### Exercise instructions
Give the records below again, word for word. No pictures belong in the copy.

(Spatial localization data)
::::::

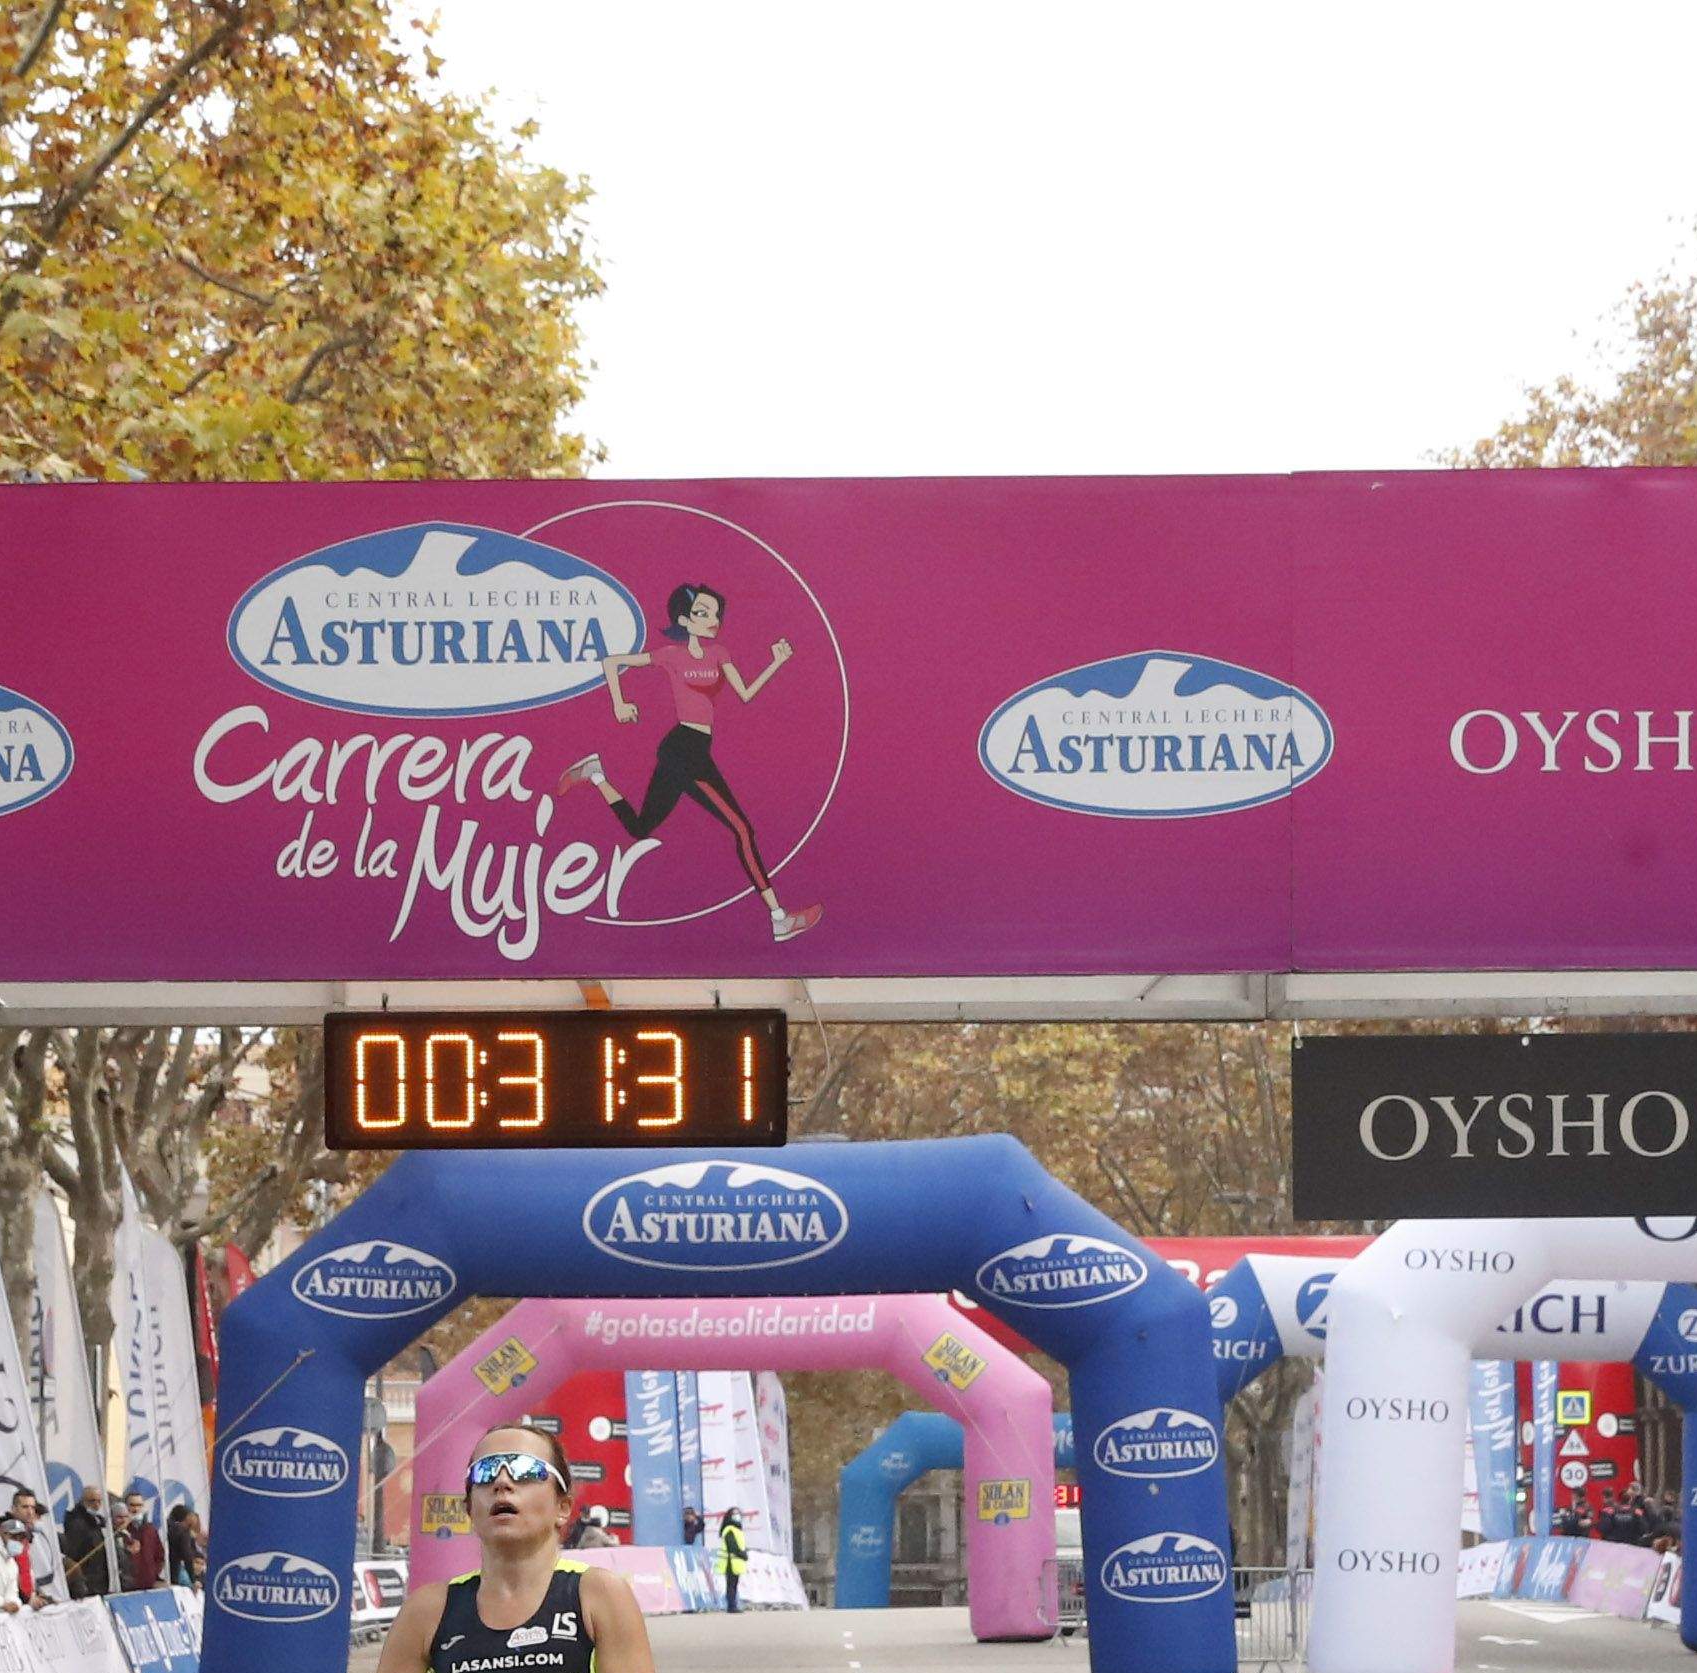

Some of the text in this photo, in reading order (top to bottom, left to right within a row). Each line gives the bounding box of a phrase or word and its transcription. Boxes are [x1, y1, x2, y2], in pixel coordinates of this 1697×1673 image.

[325, 588, 600, 609] CENTRAL LECHERA
[261, 594, 612, 668] ASTURIANA
[684, 668, 720, 681] OYSHO
[1062, 709, 1171, 725] CENTRAL
[193, 704, 535, 806] Carrera
[1007, 712, 1305, 776] ASTURIANA
[276, 793, 663, 962] de la Mujer
[1357, 1090, 1691, 1163] OYSHO
[644, 1192, 819, 1208] CENTRAL LECHERA
[604, 1196, 829, 1245] ASTURIANA
[990, 1259, 1135, 1295] ASTURIANA
[1403, 1248, 1515, 1275] OYSHO
[302, 1266, 444, 1301] ASTURIANA
[584, 1302, 876, 1347] #gotasdesolidaridad
[1212, 1338, 1267, 1361] RICH
[1346, 1397, 1450, 1424] OYSHO
[1102, 1431, 1214, 1463] ASTURIANA
[228, 1450, 341, 1483] ASTURIANA
[1564, 1469, 1585, 1481] 30
[1109, 1555, 1223, 1587] ASTURIANA
[1337, 1549, 1440, 1576] OYSHO
[219, 1574, 333, 1607] ASTURIANA
[551, 1611, 578, 1636] LS

::::::

### Exercise output
Some of the text in this photo, in reading order (top to bottom, left to right within a row). Each line gives the bounding box of a phrase or word and its transcription. Boxes are [x1, y1, x2, y2], in pixel coordinates of this 1697×1673 image.

[325, 588, 600, 609] CENTRAL LECHERA
[261, 594, 612, 668] ASTURIANA
[684, 668, 720, 681] OYSHO
[1062, 709, 1171, 725] CENTRAL
[193, 704, 535, 806] Carrera
[1007, 712, 1305, 776] ASTURIANA
[276, 793, 663, 962] de la Mujer
[1357, 1090, 1691, 1163] OYSHO
[644, 1192, 819, 1208] CENTRAL LECHERA
[604, 1196, 829, 1245] ASTURIANA
[990, 1259, 1135, 1295] ASTURIANA
[1403, 1248, 1515, 1275] OYSHO
[302, 1266, 444, 1301] ASTURIANA
[584, 1302, 876, 1347] #gotasdesolidaridad
[1212, 1338, 1267, 1361] RICH
[1346, 1397, 1450, 1424] OYSHO
[1102, 1431, 1214, 1463] ASTURIANA
[228, 1450, 341, 1483] ASTURIANA
[1564, 1469, 1585, 1481] 30
[1109, 1555, 1223, 1587] ASTURIANA
[1337, 1549, 1440, 1576] OYSHO
[219, 1574, 333, 1607] ASTURIANA
[551, 1611, 578, 1636] LS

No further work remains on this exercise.